# Plastic vs glass carboys



## Rich F (Dec 16, 2007)

I have a friend who is a first time wine maker and he asked me if it made any difference whether he used plastic or glass carboy for the various steps. My gut says glass only but I could not answer the question with any conficence. Is there any reason not to use plastic carboys?


----------



## grapeman (Dec 16, 2007)

It is pretty much a personal preference either way. Plastic is safer-glass is impervious and doesn't squish when handled. A plastic carboy can sqash in a little when lifted and may cause the wine to be forced out the airlock. Other than that, no real problems.


----------



## Wade E (Dec 16, 2007)

I assume and hope you are talking about "The Better Bottle" as water jugs are not the same. They are fine for short storage but please do not bulk age in them.


----------



## SmokinDawg (Feb 4, 2008)

out of my own curiosity, why are the better bottles different than water jugs for aging?
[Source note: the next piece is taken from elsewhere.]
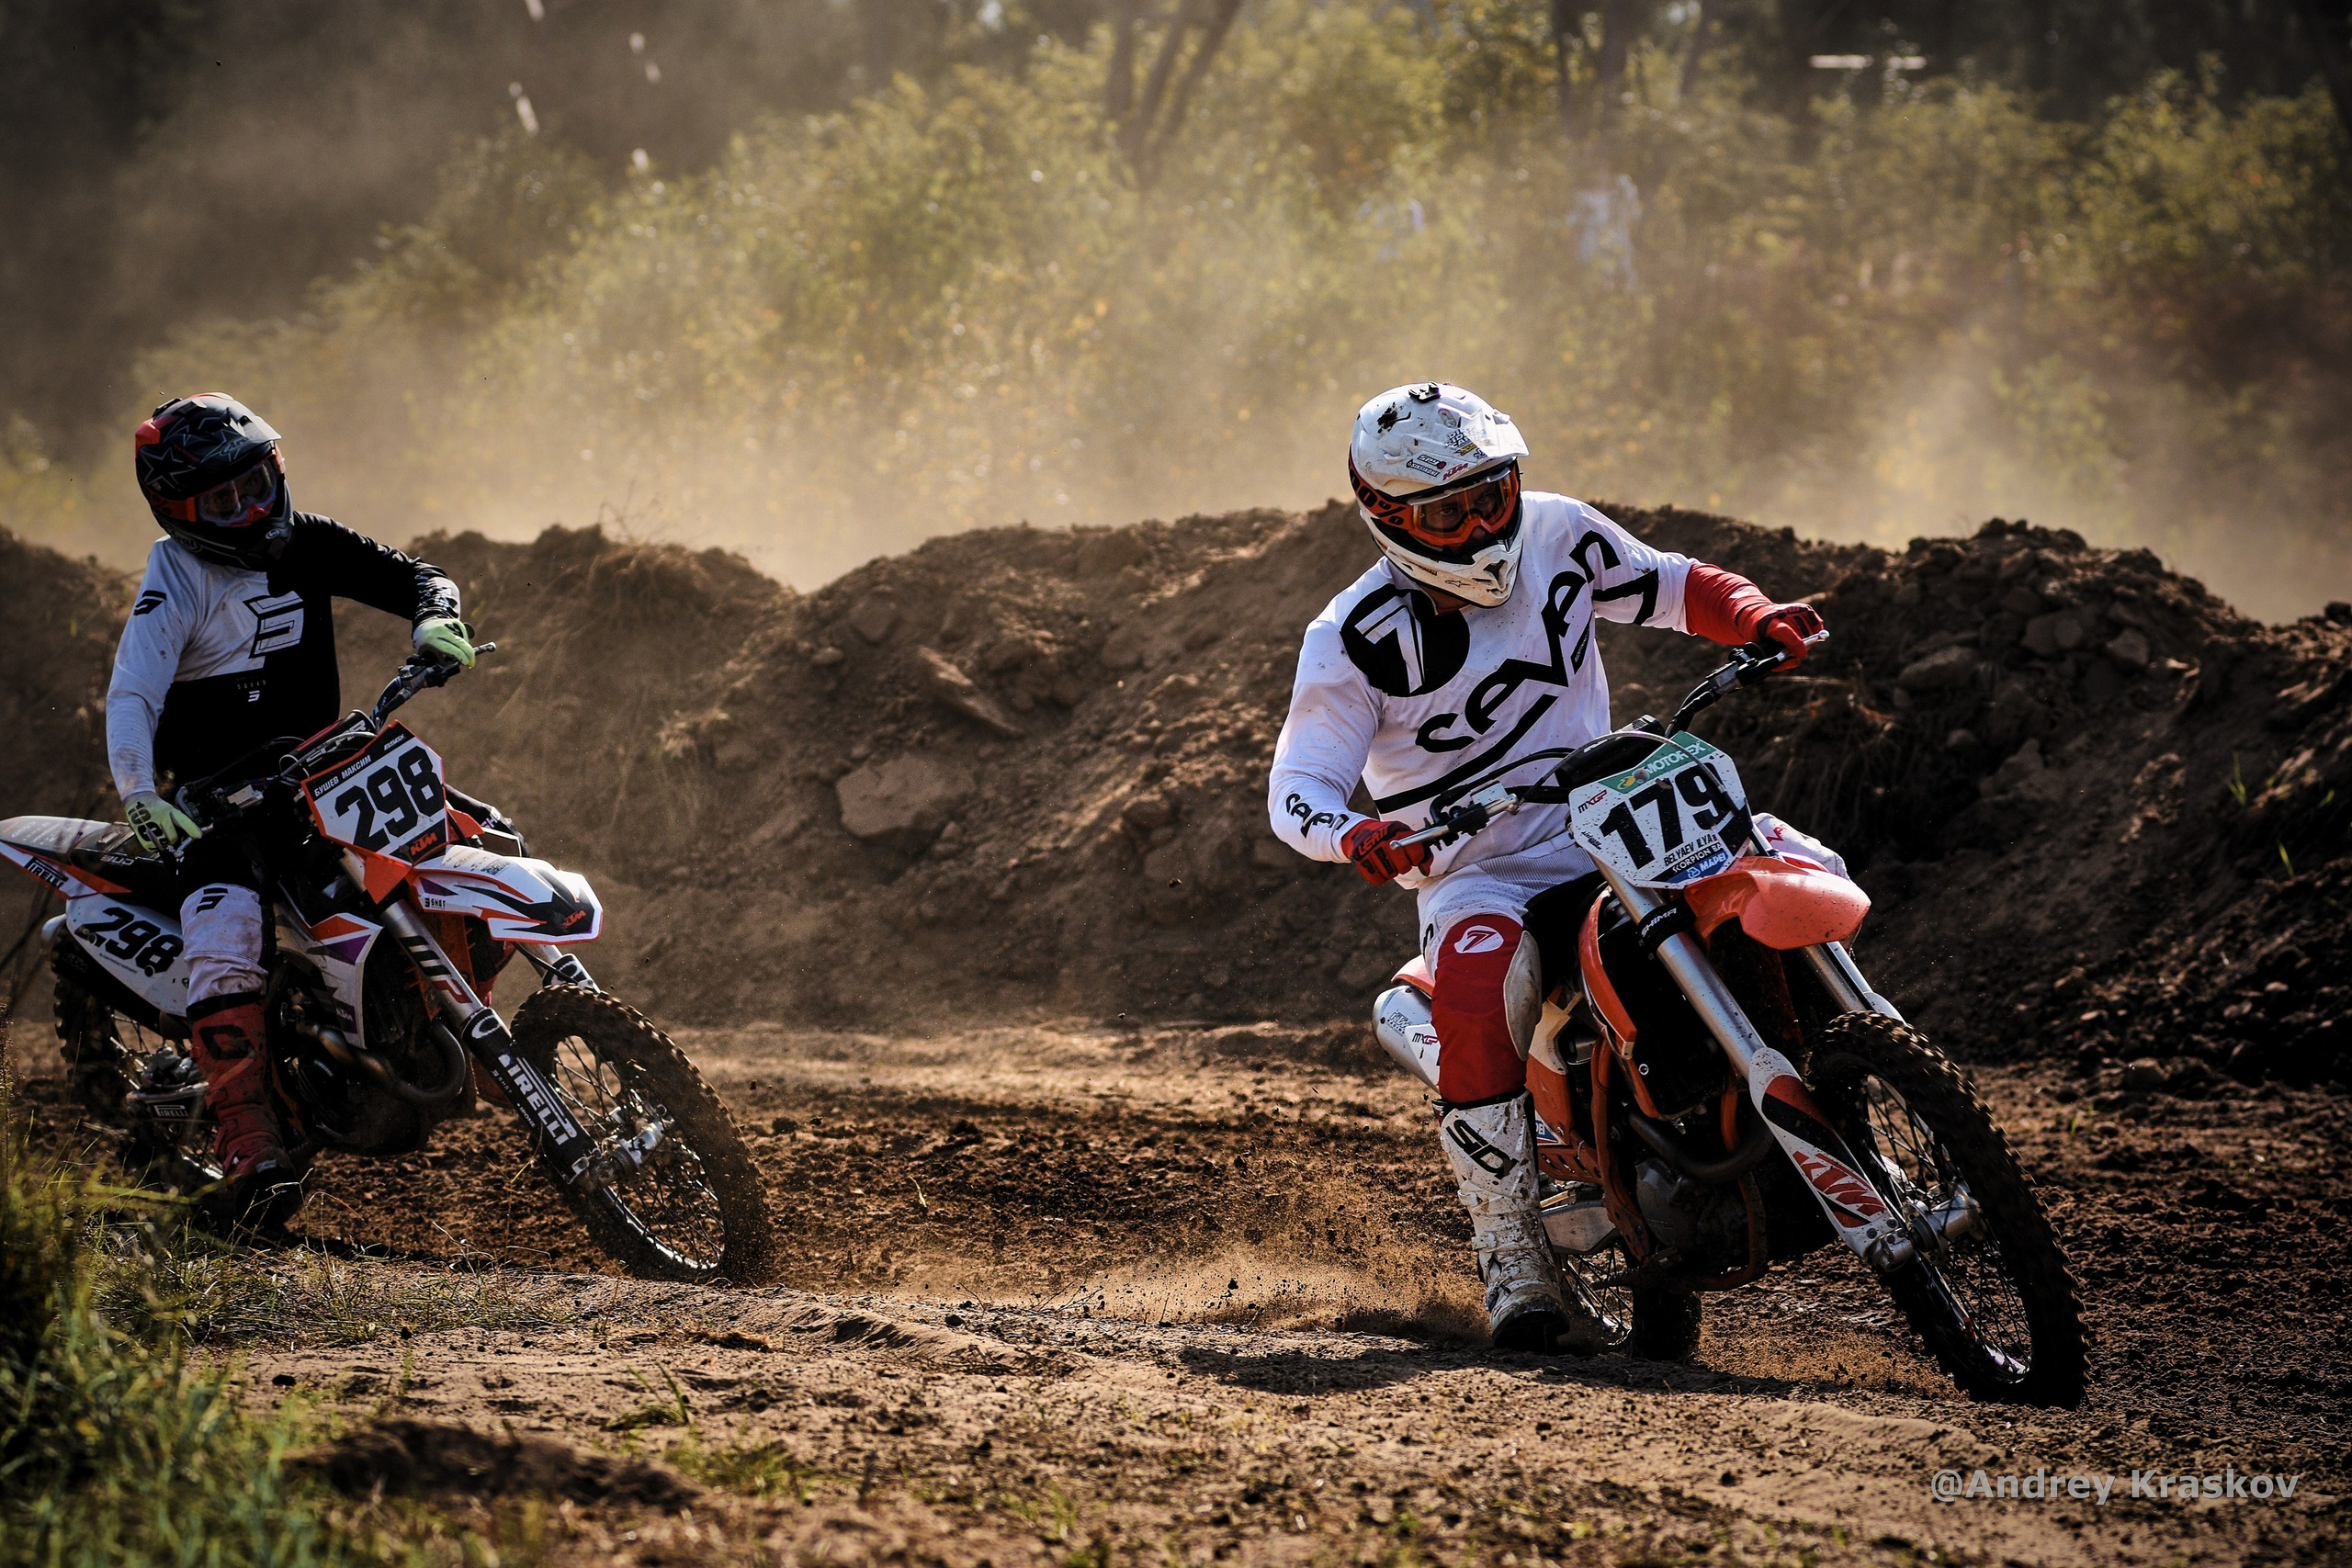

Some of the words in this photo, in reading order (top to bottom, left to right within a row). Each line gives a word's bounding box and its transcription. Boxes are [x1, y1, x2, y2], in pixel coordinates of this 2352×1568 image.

Also my concern is that if you use bleach solution to disinfect plastic does it affect structural integrity?


----------



## Griffster (Feb 4, 2008)

Dawg - I don't know about the bleach thing. I don't use bleach products to clean my wine making stuff. But, I have two Better Bottles and I really like them. I've had back problems for years and the Better Bottles are so much lighter in weight. Even when full of wine - I have no problem carrying them from a downstairs location to an upstairs location. I have a glass carboy and when full I can't move it.


----------



## vino08 (Nov 26, 2008)

I just bought a better bottle- full glass one is just too heavy. It seemed a little smaller though... had 4 cups left over when I racked my wine into it (Of sediment- so maybe it is a good thing).


----------



## Wade E (Nov 26, 2008)

I know that glass carboys are usually a little bigger and vary from bottle to bottle, dont know how accurate the Better bottles are though. They may be right on the money and you racked from a bigger carboy.


----------



## Jwhelan939 (Nov 26, 2008)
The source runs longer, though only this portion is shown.